Dickens represents different degrees of poverty in A Christmas Carol. In the first instance he introduces his readers to the ‘acceptable’ face of extreme poverty in the form of Bob Cratchit and his family. Although they occupy only four rooms and have hardly enough food to go around, they work hard to earn a living, keep themselves clean and are honourable and decent. The narrator’s pronouncement that due to Scrooge’s intervention, Tiny Tim ‘did NOT die’ makes it clear that the young boy’s state was the result of a poor diet and difficult living conditions. The fact that the two young Cratchits delight and amuse one another with commentary on the goose and the Christmas pudding also suggests that these children’s stomachs are empty and that they daydream about things that would now all be taken for granted in current society.
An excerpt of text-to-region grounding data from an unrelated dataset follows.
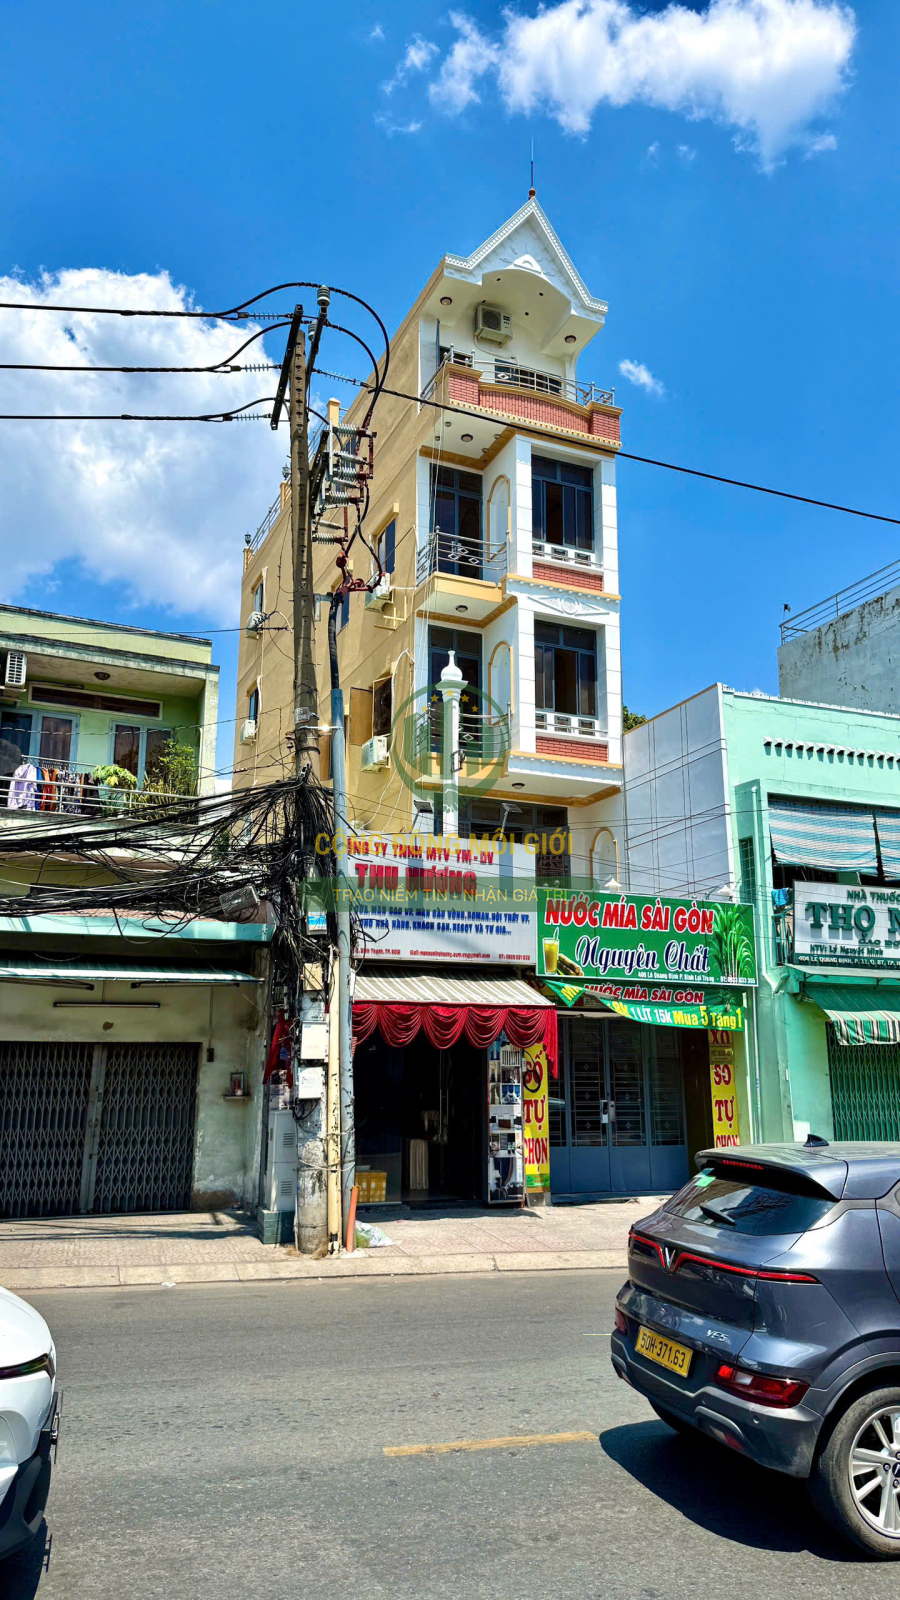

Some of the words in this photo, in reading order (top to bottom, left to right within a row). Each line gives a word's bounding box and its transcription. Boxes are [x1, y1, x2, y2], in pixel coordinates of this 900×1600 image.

[355, 863, 399, 891] THU
[405, 865, 477, 896] HƯƠNG
[847, 889, 867, 901] NHÀ
[544, 892, 600, 928] NƯỚC
[602, 895, 638, 930] MÍA
[641, 898, 671, 932] SÀI
[674, 901, 714, 934] GÒN
[805, 902, 876, 938] THỌ
[575, 935, 659, 975] Nguyên
[664, 940, 710, 973] Chất
[650, 986, 673, 1002] SÀI
[674, 988, 704, 1004] GÒN
[672, 1011, 699, 1026] Mua
[700, 1005, 709, 1026] 5
[710, 1012, 736, 1030] Tặng
[736, 1008, 742, 1028] 1
[524, 1094, 546, 1131] TỰ
[714, 1095, 734, 1128] TỰ
[640, 1333, 686, 1369] 50H-371.63
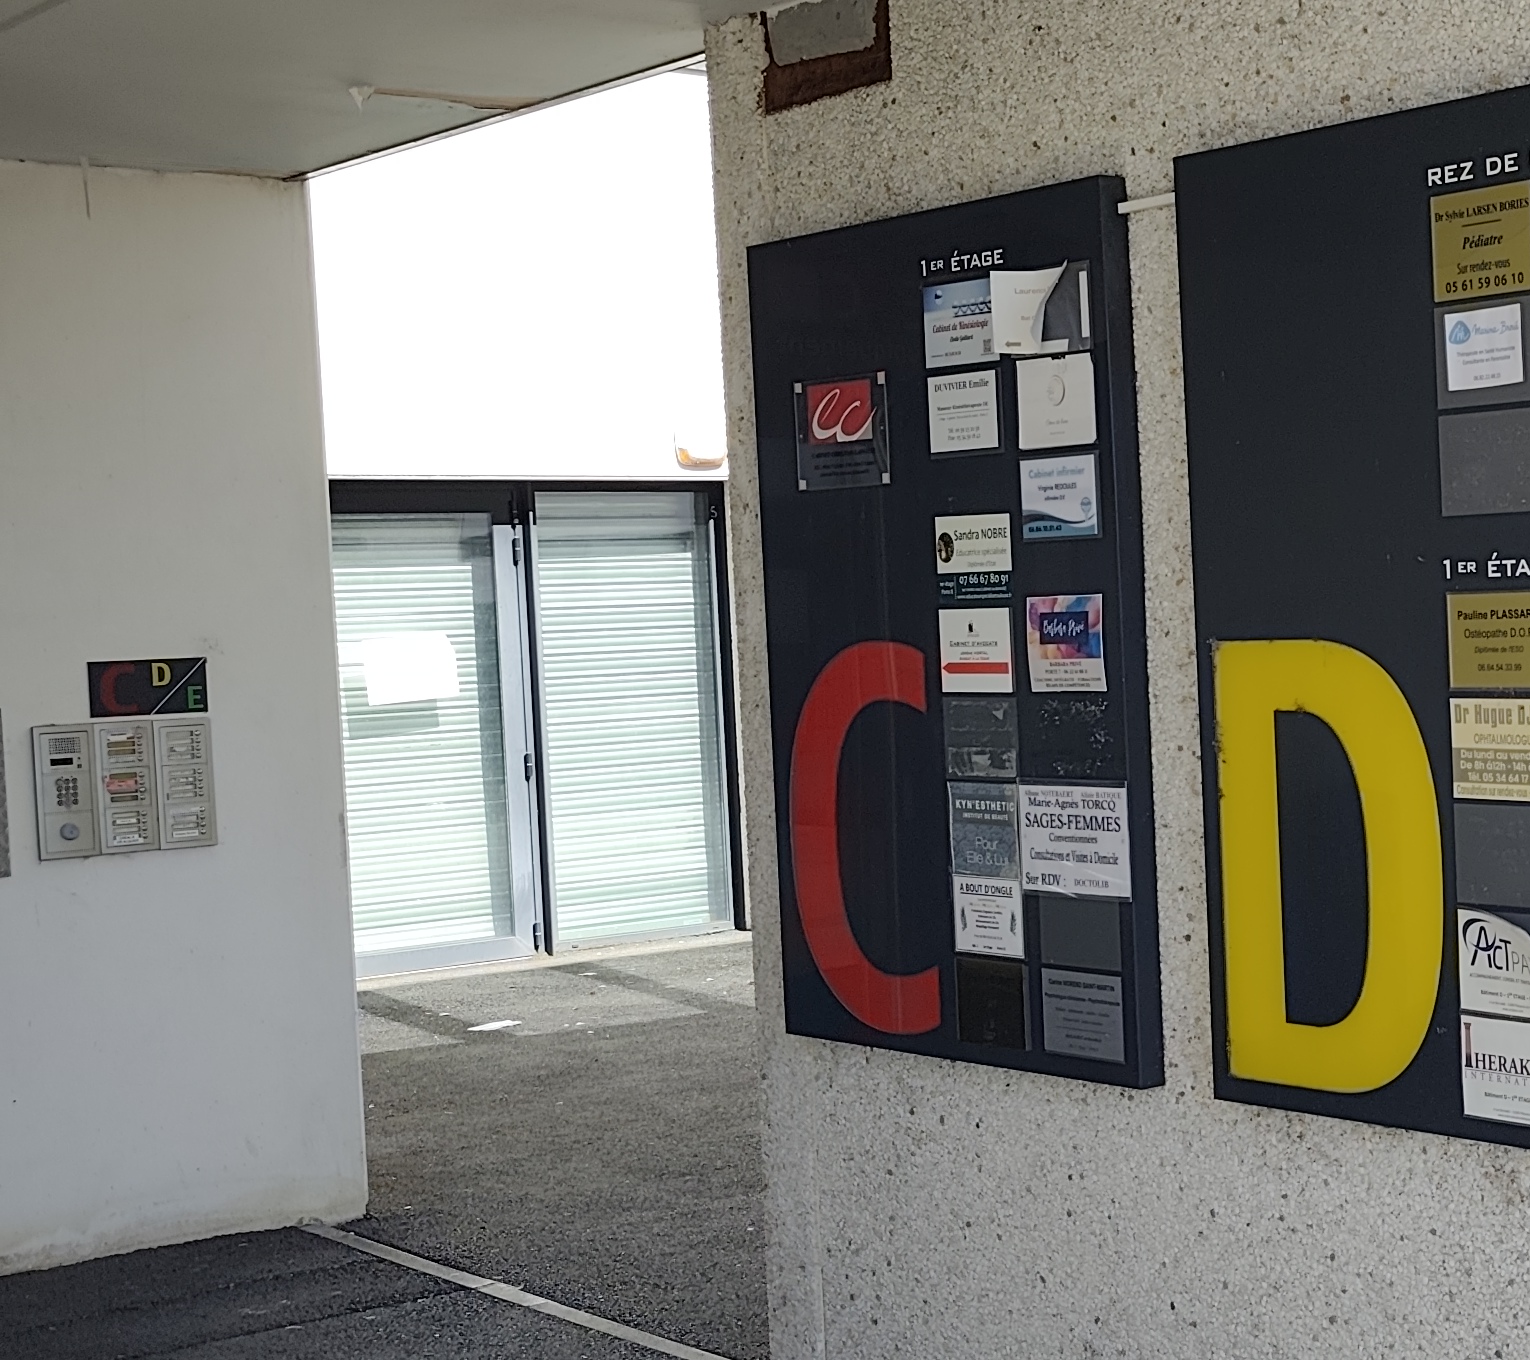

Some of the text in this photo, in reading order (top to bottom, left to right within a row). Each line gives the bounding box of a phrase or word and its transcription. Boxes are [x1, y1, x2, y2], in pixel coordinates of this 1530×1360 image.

[1428, 161, 1474, 186] REZ
[1486, 153, 1518, 176] DE
[1434, 212, 1444, 222] Dr
[1466, 202, 1498, 218] LARSEN
[1500, 197, 1529, 212] BORIES
[1462, 234, 1503, 250] Pédiatre
[951, 249, 1003, 271] ÉTAGE
[1446, 272, 1524, 293] 05 61 59 06 10
[954, 527, 1007, 541] Sandra NOBRE
[959, 576, 967, 585] 07
[969, 574, 978, 584] 66
[980, 574, 988, 585] 67
[1458, 611, 1488, 620] Pauline
[101, 663, 171, 713] C D
[188, 686, 204, 709] E
[1455, 704, 1469, 724] Dr
[1475, 705, 1512, 728] Hugue
[1028, 797, 1116, 812] Marie-Agnès TORCQ
[1025, 812, 1121, 832] SAGES-FEMMES
[790, 641, 942, 1035] C
[1210, 639, 1444, 1094] D
[960, 883, 1013, 895] A BOUT D'ONGLE
[1026, 872, 1061, 886] Sur RDV
Bob and his family, who are clearly portrayed as very poor yet hardworking, are in direct contrast to the terrifying figures of Want and Ignorance, who are introduced by The Ghost of Christmas Present. Almost wild in their appearance, these two children are of a very different type from the patient and dutiful Tiny Tim, with his declaration ‘God bless Us, Every One!’ Described as ‘yellow, meagre, ragged, scowling, wolfish’, Want and Ignorance are more confronting characters than any of the Cratchit family and they represent the true dangers behind urban poverty. The narrator tells us ‘Where angels might have enthroned, devils lurked; and glared one menacing. No change, no degradation, no perversion of humanity, in any grade, through all the mysteries of wonderful creation, has monsters half so terrible and dread’. These figures have been robbed of their childhood and due to their deprivation of the most basic items required to survive, they have been turned into vicious predators. Underlying the Ghost’s description is a warning, ‘beware them both’ which seeks to shock both Scrooge and the reader into taking the otherwise jolly ghost, the figures and their plight seriously.
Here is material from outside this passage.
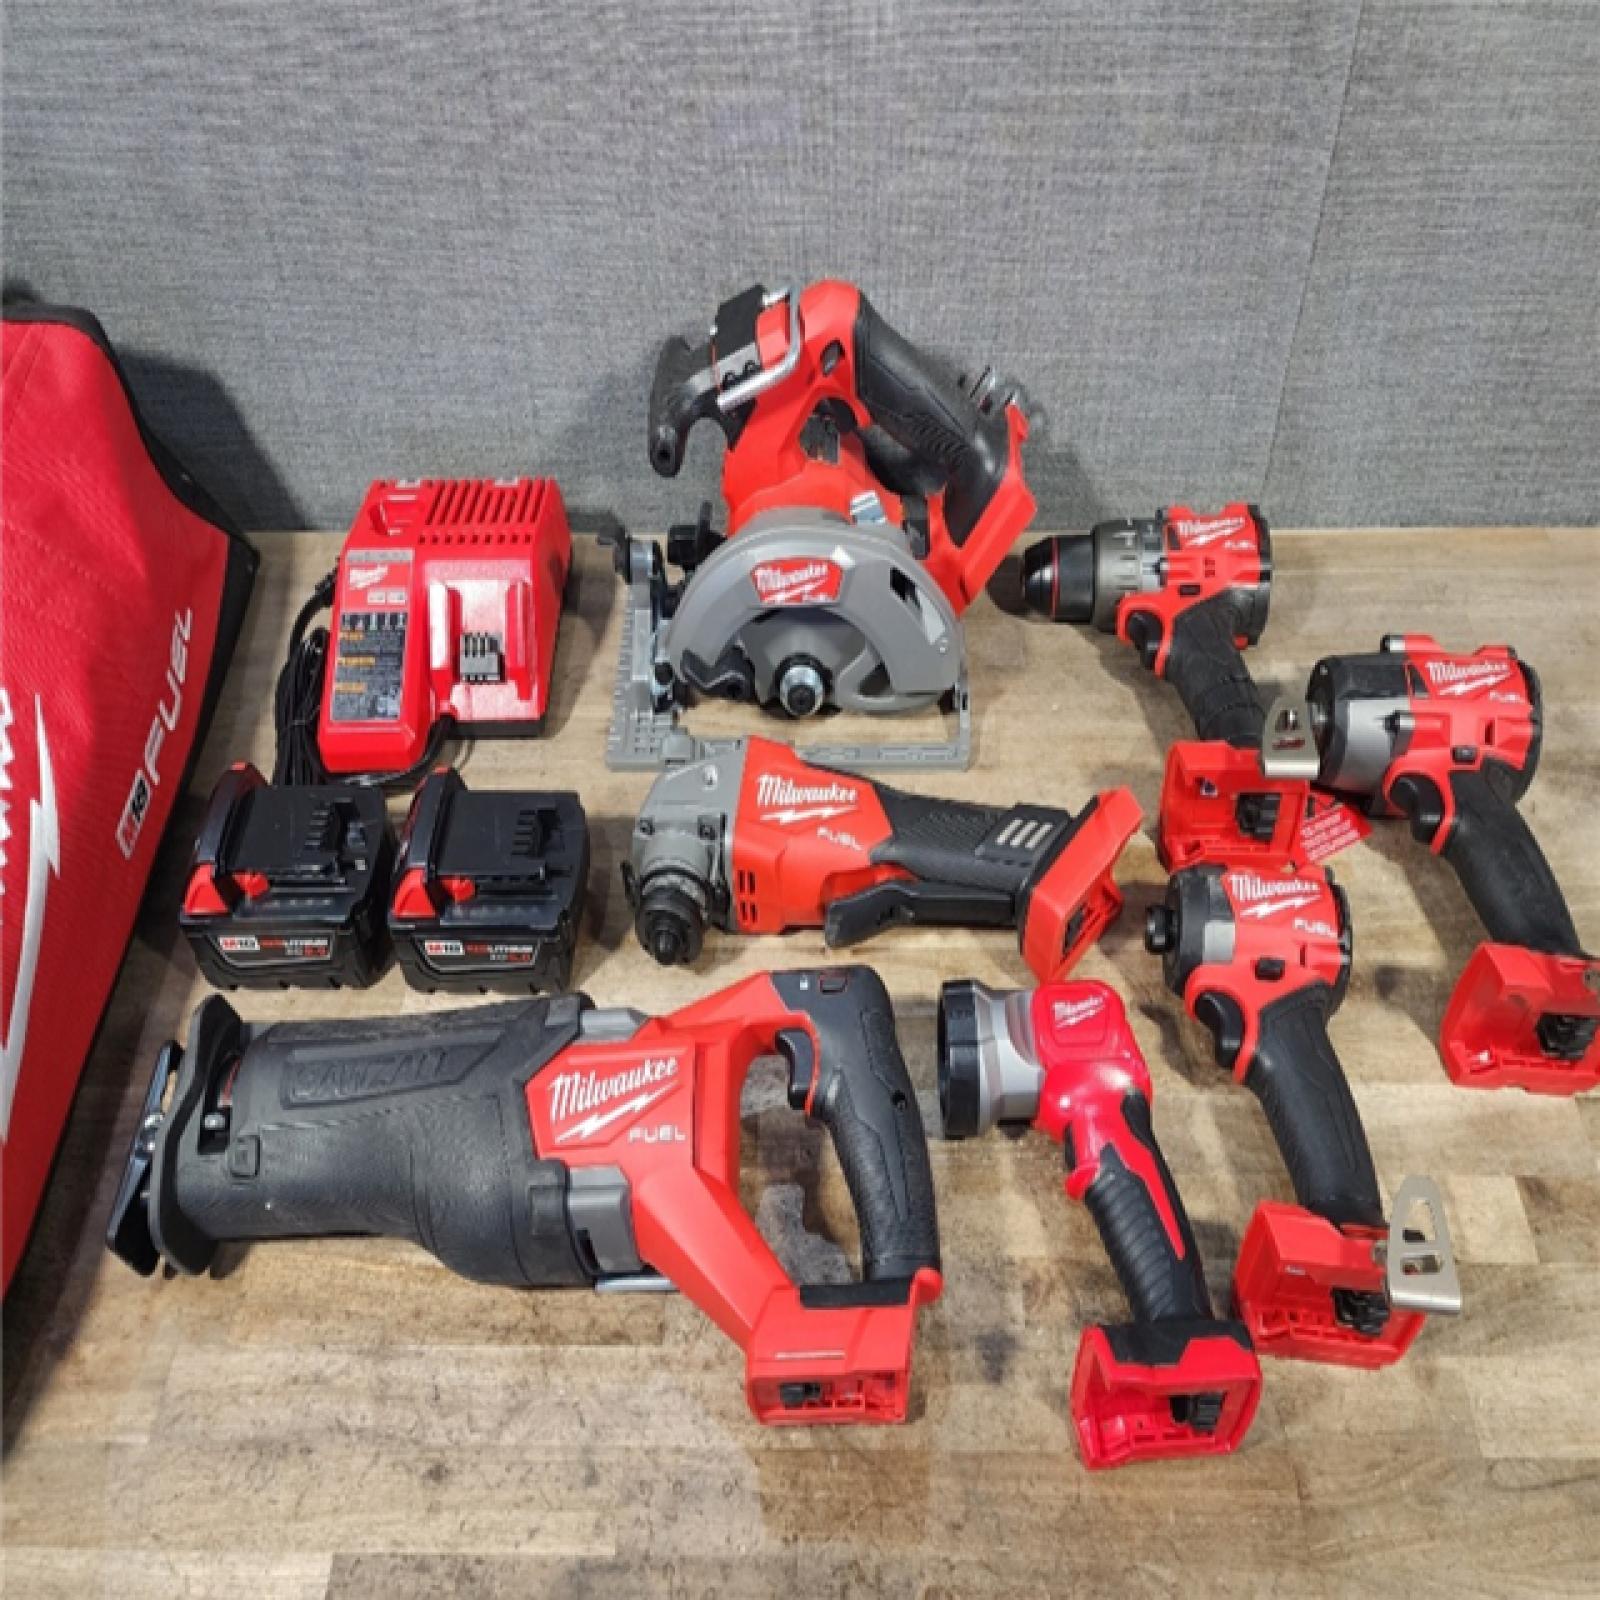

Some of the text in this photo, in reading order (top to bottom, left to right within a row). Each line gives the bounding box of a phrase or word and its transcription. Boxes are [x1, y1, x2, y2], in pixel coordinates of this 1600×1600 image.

Scrooge, as we learn from his time with the first spirit, is a character who is desperately afraid of poverty. When confronted by Belle about his changed behaviour, instead of denying the accusation he argues that he has become wiser and seeks to explain himself by saying ‘There is nothing on which [the world] is so hard as poverty; and there is nothing it professes to condemn with such severity as the pursuit of wealth!’ Here, Scrooge covers his society’s hypocrisy in neglecting those in need, while sneering at those who are gathering money. In fact, this is known as a society in which sufferers were punished through being sent to the workhouse, as many preferred to starve rather than call upon the authorities for aid.
Scrooge may be drawn in by what he observes of the Cratchits’ merry feast and the many other celebrations he witnesses with the second ghost. However, it is not their world he worries about, but rather that of Want and Ignorance. Scrooge’s discomfort when he travels to the ‘infamous resort’ of Old Joe the pawnbroker is obvious. The narrator tells us that Scrooge has never visited this part of town before, but knows its poor reputation and emphasises the fear of any respectable citizen going into the area by commenting that ‘secrets that few would like to scrutinise were bred and hidden in mountains of unseemly rags’. This scene is an important one, as it demonstrates not only the degree to which Scrooge is disliked by everyone who knows him, but also the terrible poverty which drives people to rob the dead. The ghastly pestilence of the slums and their ‘half-naked, drunken, slipshod, ugly’ inhabitants reveals a world in which nobody can be expected to prosper or live a decent life.
Dickens understood that while readers were able to identify with sympathised versions of poverty designed to avoid offence, the divisions within society were simply too great. In moving from the world of the Cratchits to the vicious world of the London slums, Dickens hoped to shock those with power, like his middle-class readers, into understanding that the needs of the underclass on their doorstep had to be addressed as a priority. Continued disregard would result in the type of ‘doom’ prophesied by The Ghost of Christmas Present and a probable uprising against those who ignored the poverty all around them.